- **What is expected**
Repeat, exactly as written, all of the entries, but not their pictures.

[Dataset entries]
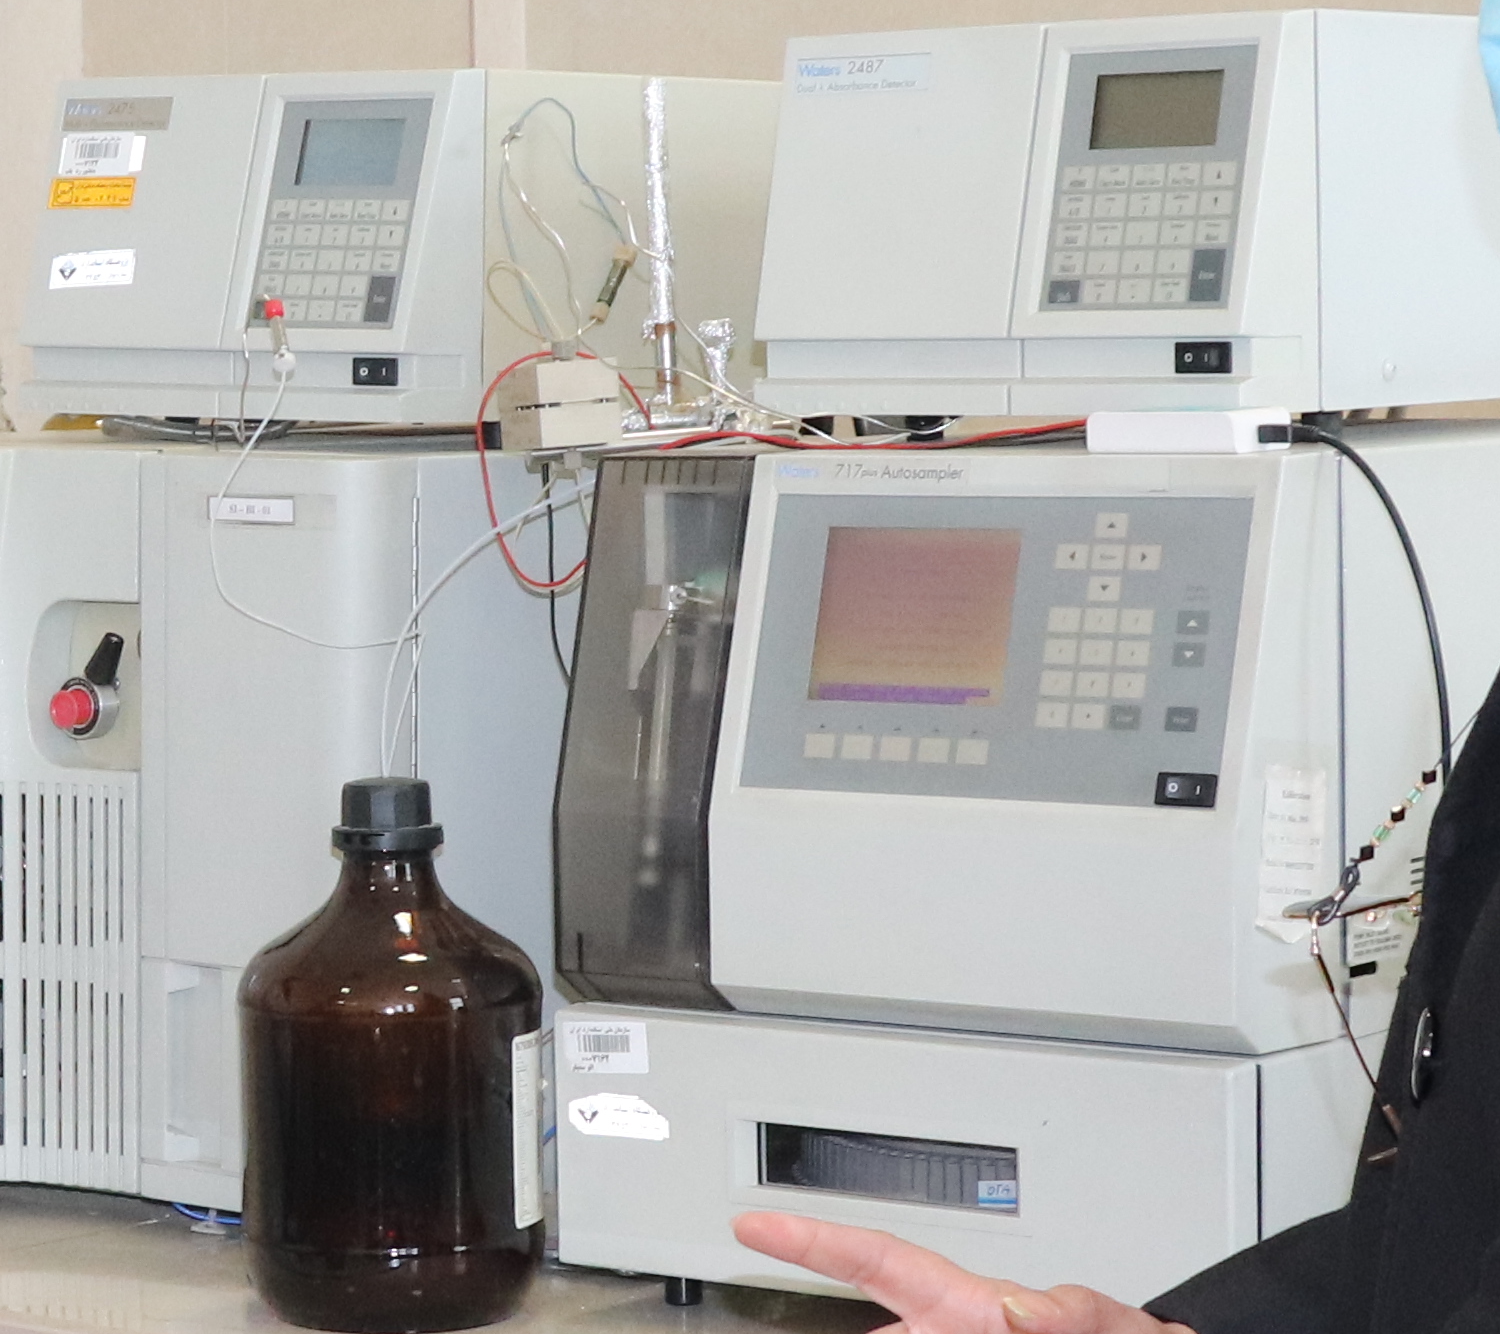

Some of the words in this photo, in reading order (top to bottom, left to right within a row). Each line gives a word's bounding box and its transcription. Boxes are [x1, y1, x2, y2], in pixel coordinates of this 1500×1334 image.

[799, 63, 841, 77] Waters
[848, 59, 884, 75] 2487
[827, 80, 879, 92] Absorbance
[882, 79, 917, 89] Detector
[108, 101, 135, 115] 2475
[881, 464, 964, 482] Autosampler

- **Written response**
Some of the words in this photo, in reading order (top to bottom, left to right within a row). Each line gives a word's bounding box and its transcription. Boxes are [x1, y1, x2, y2], in pixel coordinates of this 1500×1334 image.

[799, 63, 841, 77] Waters
[848, 59, 884, 75] 2487
[827, 80, 879, 92] Absorbance
[882, 79, 917, 89] Detector
[108, 101, 135, 115] 2475
[881, 464, 964, 482] Autosampler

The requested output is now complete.